What is your roasting process like?

I use a roasting technique known as sensory roasting, focusing more on observing the physical transformation of the coffee bean rather than relying on graphs. I monitor the beans as they darken and smooth out, paying close attention to the distinct “crack” that signals the bean is expanding and releasing moisture. The second crack is a key indicator that the coffee is typically considered roasted.

Tell us about the roasts and blends you offer and the inspiration behind them. Which is your personal favorite, and why? 

We offer seven coffee blends, each roasted to bring out distinct flavors and characteristics. Our Brazil, Colombia, Guatemala, and Decaf coffees undergo a medium roast. These all have a balance that minimizes acidity while enjoying a smooth, well-rounded flavor. Our Chattz House Blend is our medium roast signature blend made up of beans from each region. This blend is designed to appeal to a wide range of coffee drinkers.
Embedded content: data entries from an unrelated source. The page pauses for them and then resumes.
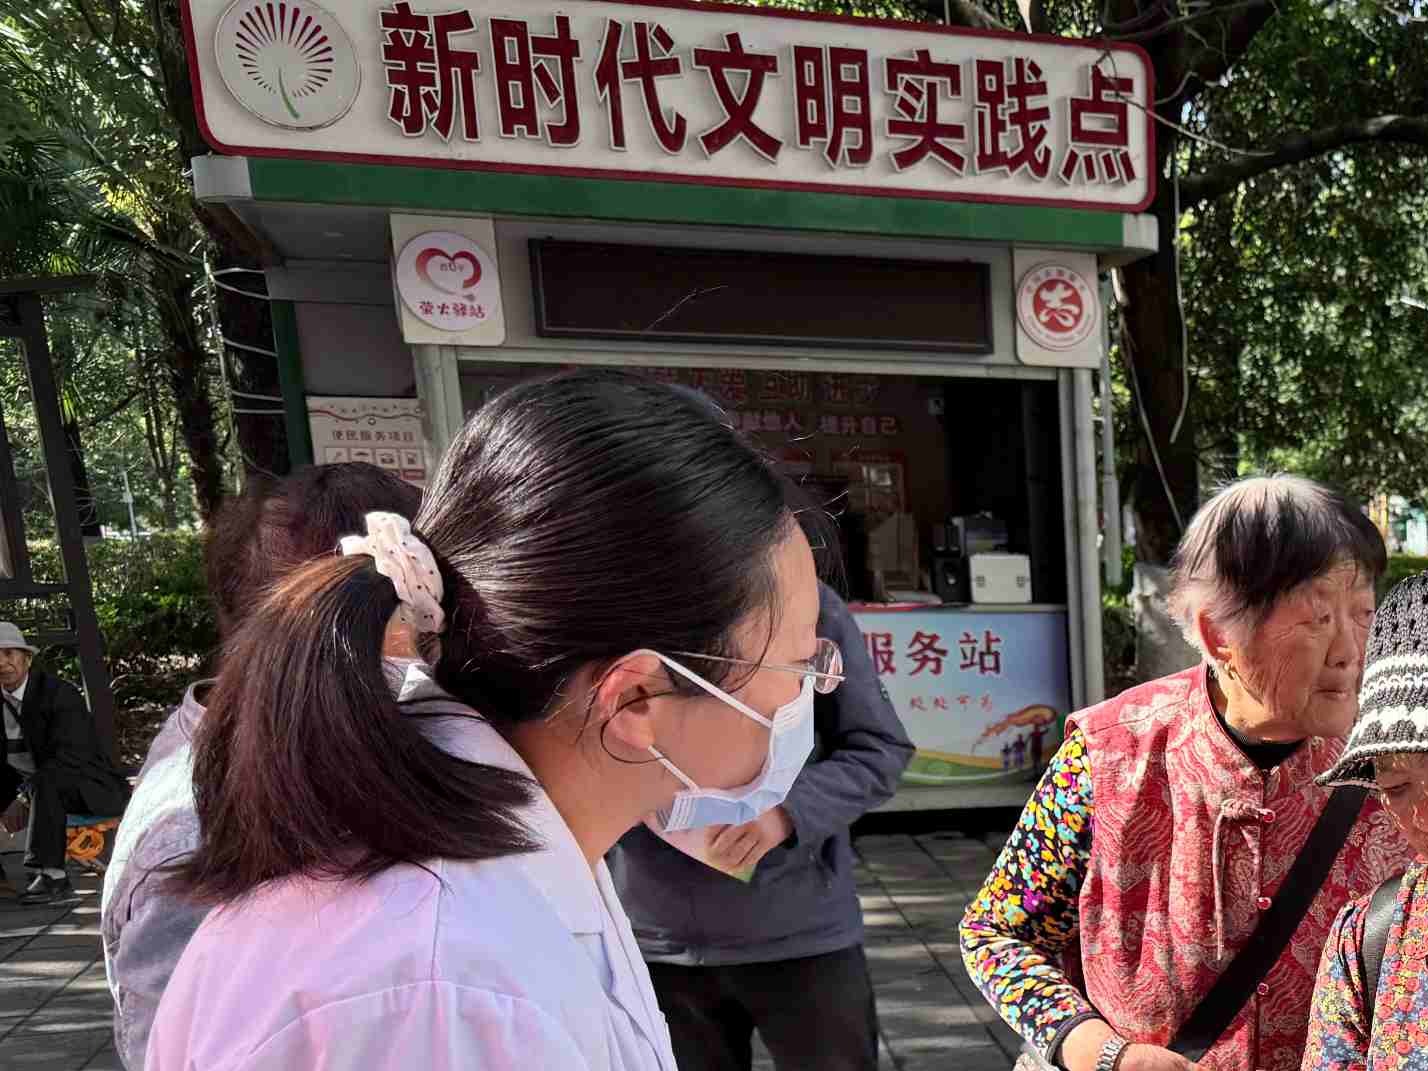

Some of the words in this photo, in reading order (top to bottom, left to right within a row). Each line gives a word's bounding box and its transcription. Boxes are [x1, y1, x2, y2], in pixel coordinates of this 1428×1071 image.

[382, 2, 1137, 187] 新时代文明实践点
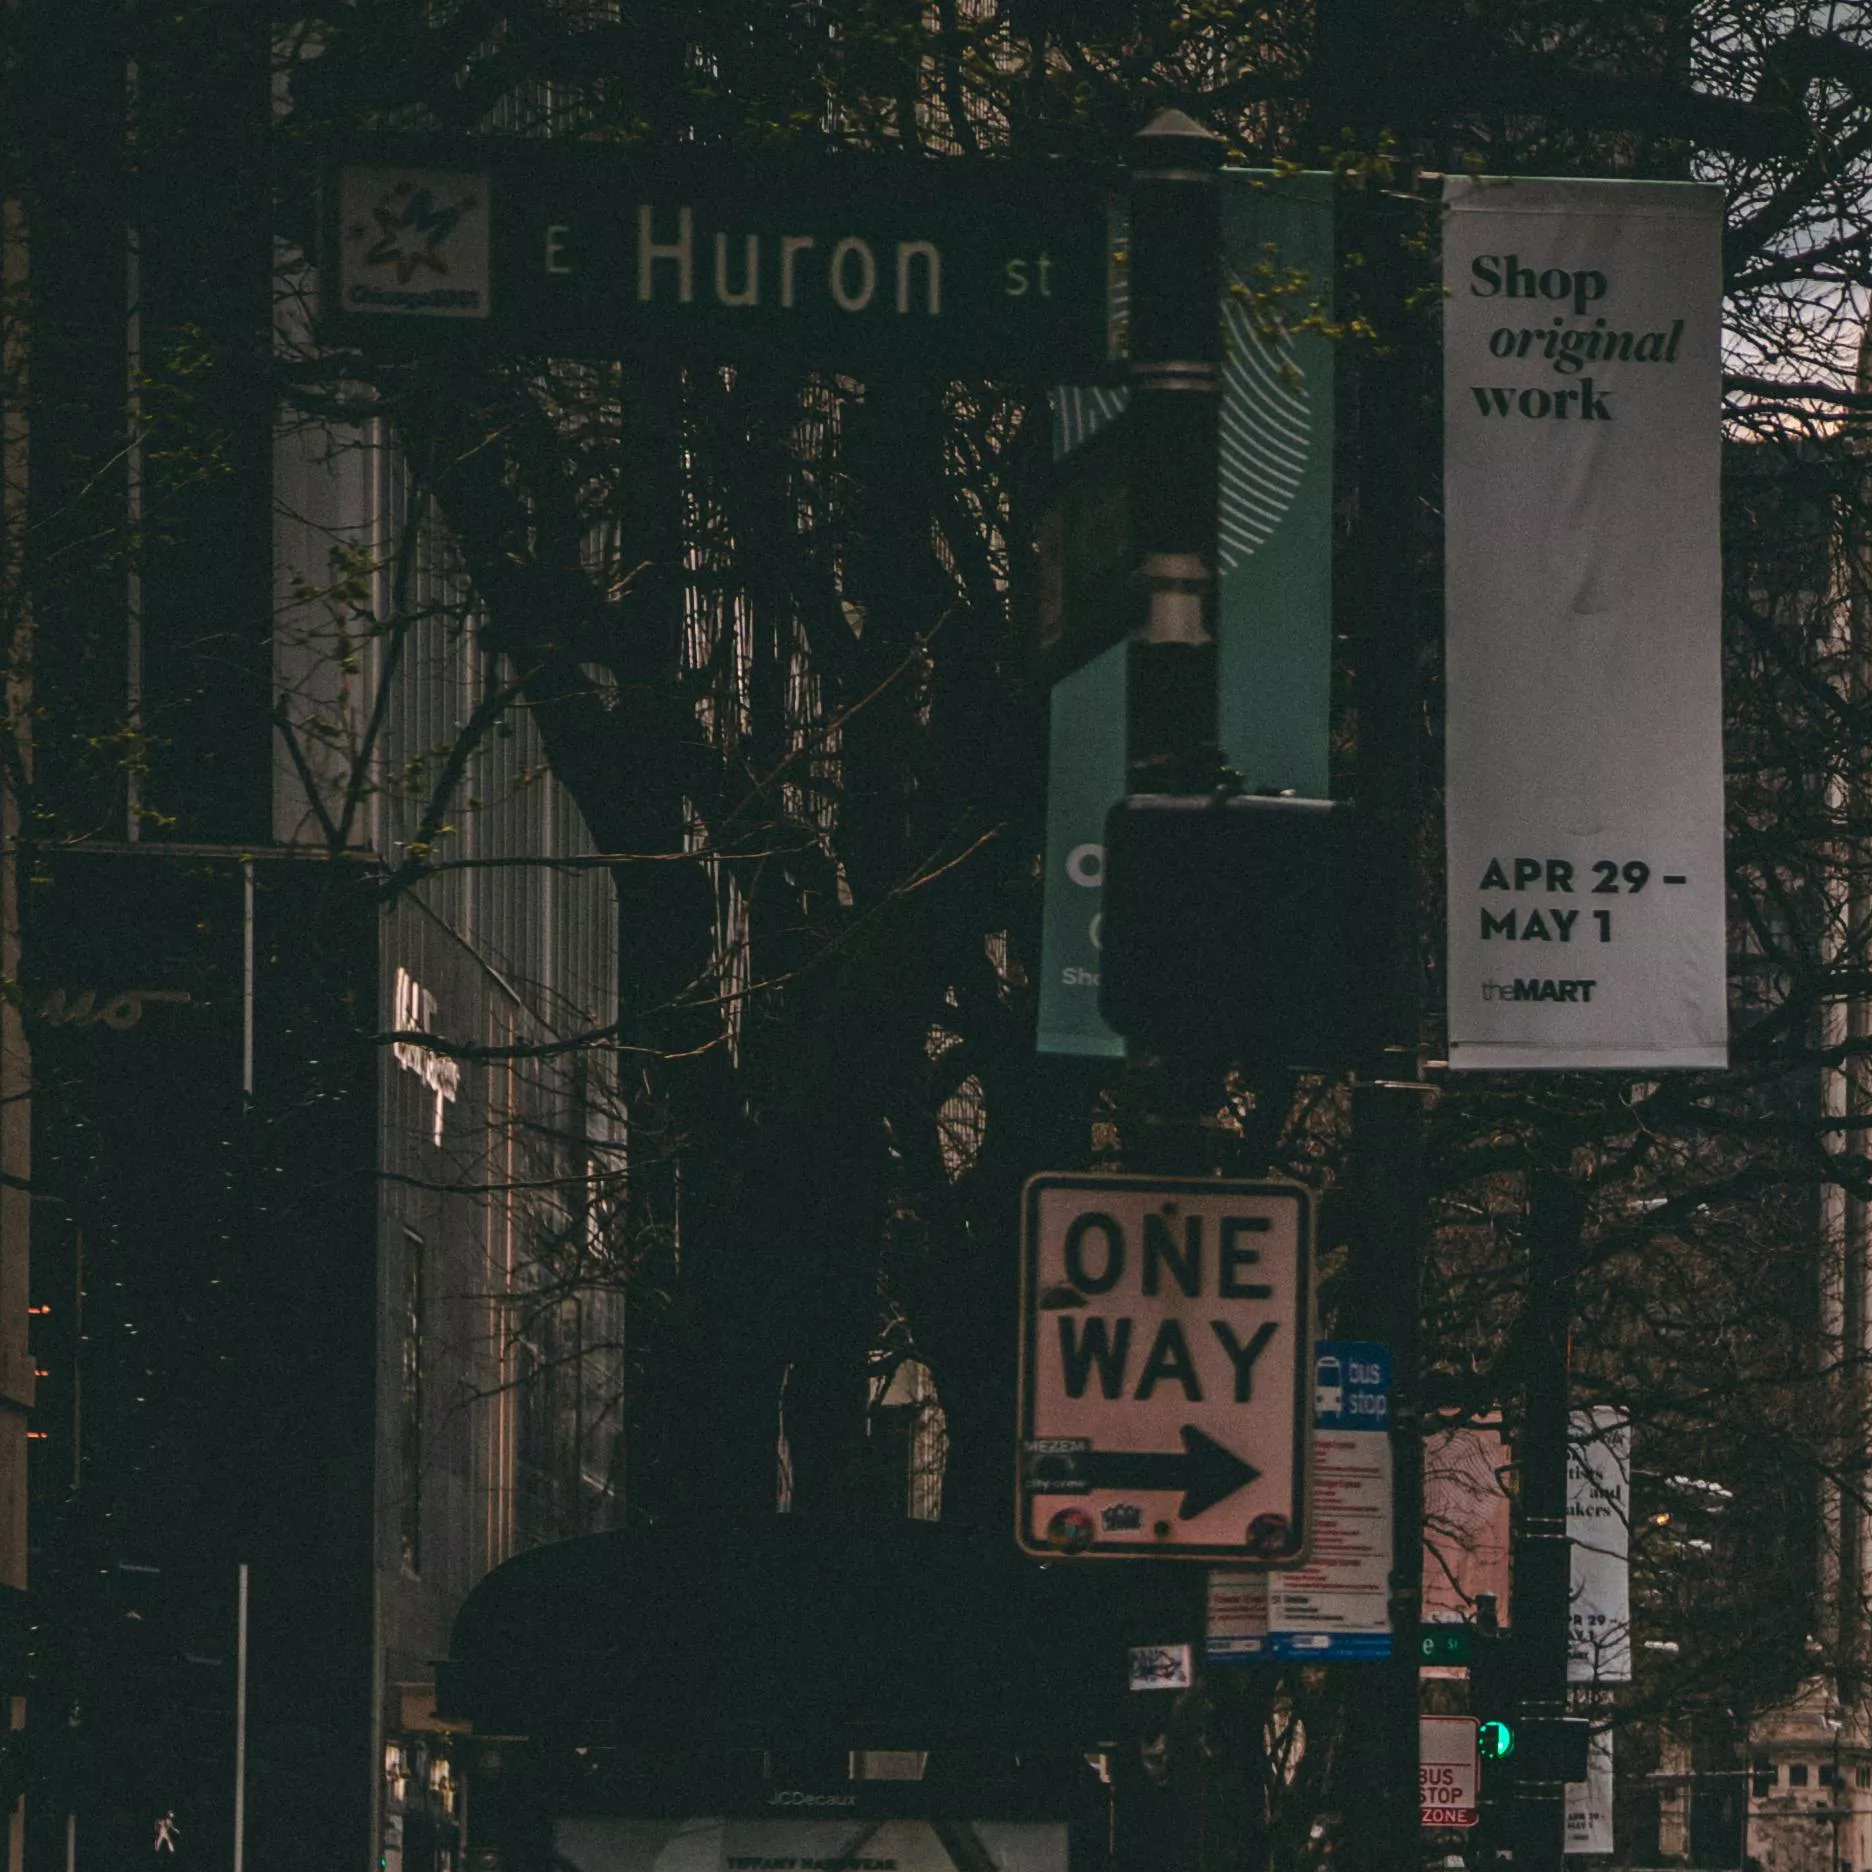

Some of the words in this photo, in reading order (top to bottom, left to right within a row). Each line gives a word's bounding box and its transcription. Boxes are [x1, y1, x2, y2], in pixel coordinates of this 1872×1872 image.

[549, 225, 574, 273] E
[637, 205, 940, 315] Huron
[1005, 247, 1053, 297] st
[1469, 255, 1605, 315] Shop
[1487, 319, 1685, 374] original
[1469, 380, 1613, 422] work
[1478, 858, 1574, 894] APR
[1589, 860, 1651, 894] 29
[1479, 908, 1580, 943] MAY
[1595, 908, 1611, 943] 1
[1480, 977, 1595, 1002] theMART
[1064, 1211, 1272, 1299] ONE
[1057, 1316, 1280, 1402] WAY
[1349, 1363, 1382, 1385] bus
[1349, 1391, 1388, 1420] stop
[1567, 1502, 1611, 1517] akers
[1420, 1768, 1455, 1785] BUS
[1422, 1808, 1468, 1822] ZONE
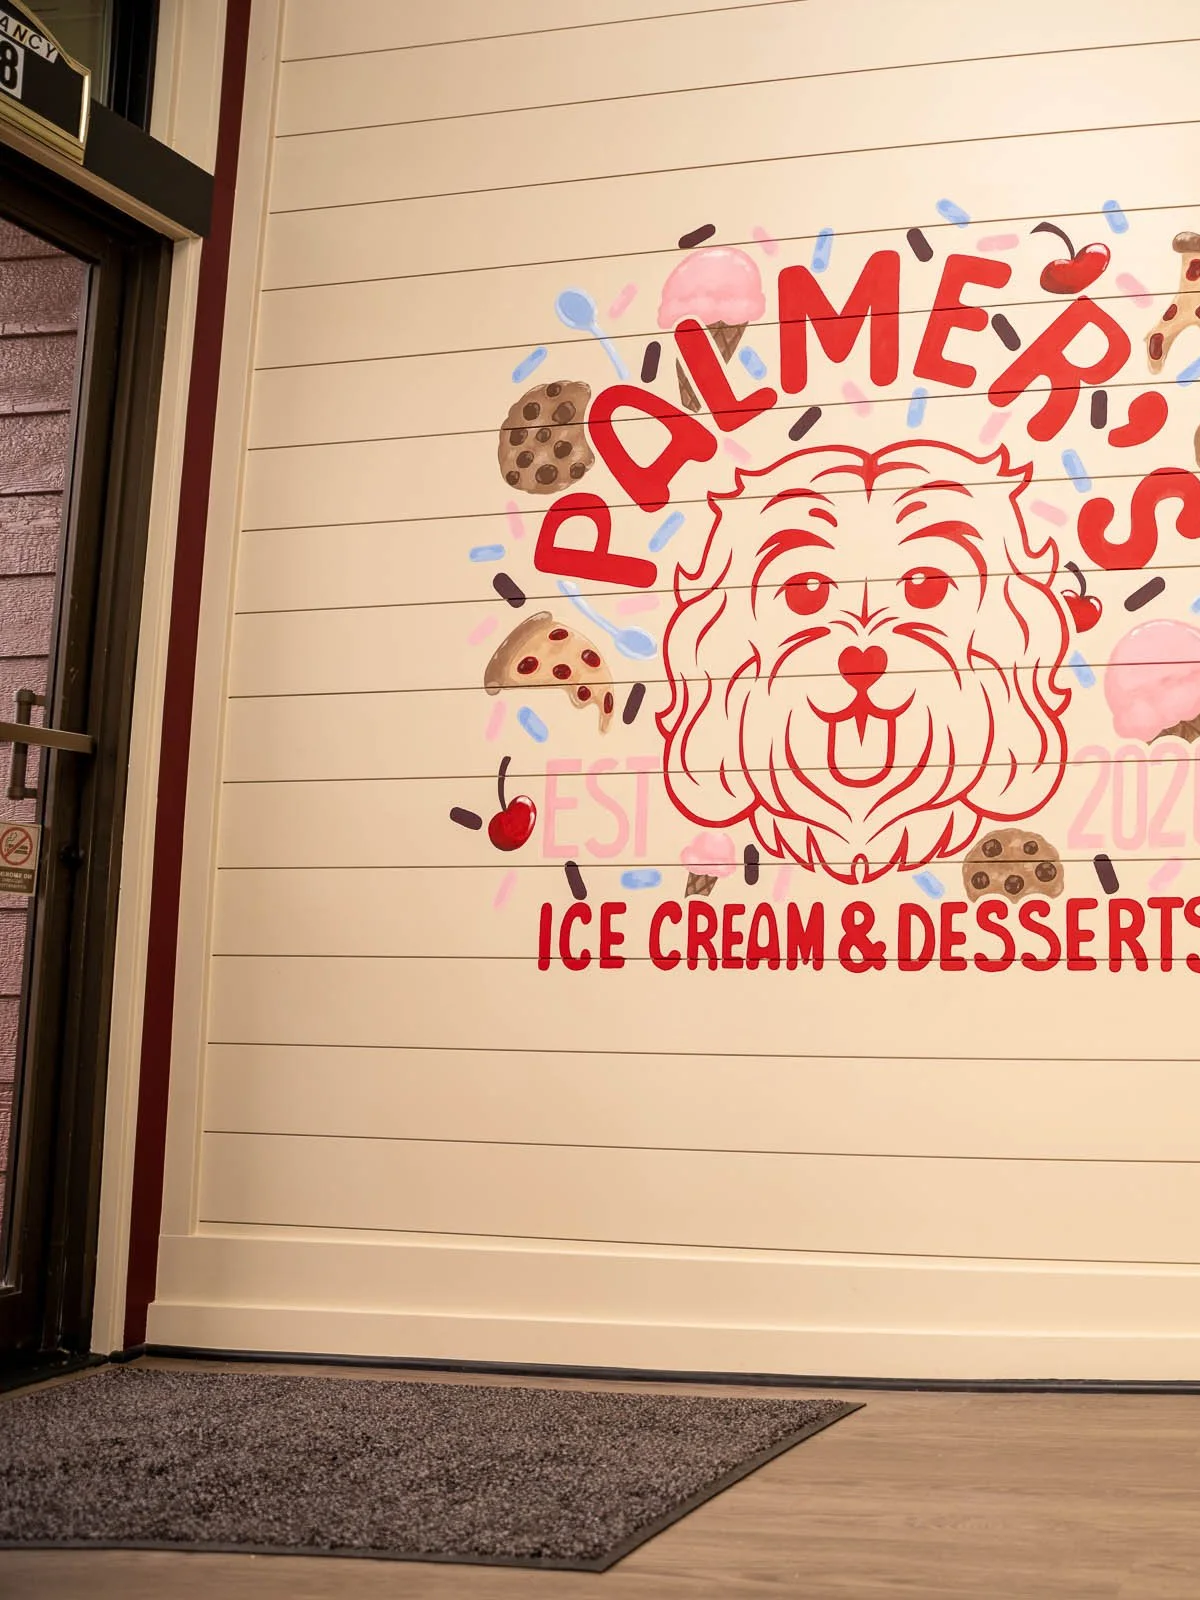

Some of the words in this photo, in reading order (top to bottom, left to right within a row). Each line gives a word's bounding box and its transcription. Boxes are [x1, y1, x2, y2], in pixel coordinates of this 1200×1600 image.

[543, 756, 660, 858] EST
[537, 901, 627, 971] ICE
[648, 900, 825, 972] CREAM
[837, 900, 887, 974] &
It has a smooth, well-rounded taste that is neither too bold nor too mild, making it suitable for everyday enjoyment. Our Espresso blend is formulated to pair with milk-based beverages. Its flavor profile and balanced acidity make it an ideal choice for creating rich and creamy espresso shots, cappuccinos, and lattes. Our French roast is our darkest offering. These beans are roasted at a higher temperature, making the coffee have a bold and smoky taste profile. I personally enjoy our Chattz House Blend. With the smoothness of the taste, I can drink it with or without creamer. It’s what I expect coffee to taste like.

How would you describe the coffee scene here in Chattanooga? 

Chattanooga’s coffee scene is plentiful and I think everyone roasts coffee just a little differently. It’s very diverse on what type of coffee flavors you are looking for. You have your chain coffee shops, but you also have just as many local cafes and roasters. I have always appreciated how the citizens of Chattanooga support their small local businesses.

What sets your business apart? 

Every employee takes pride in their work. Whether it’s making the perfect latte or delivering the freshest coffee beans to an office building across town, every one of us at Chattanooga Coffee Company takes the time to deliver the best product we possibly can. I am there every day, and I go see our wholesale accounts to make sure they are all happy and if there is anything we can improve on. I think people like seeing the business owners around and working side-by-side with their employees. It makes us one cohesive team, and you can tell when you walk in, even for the first time, that we all enjoy being there and we love what we do.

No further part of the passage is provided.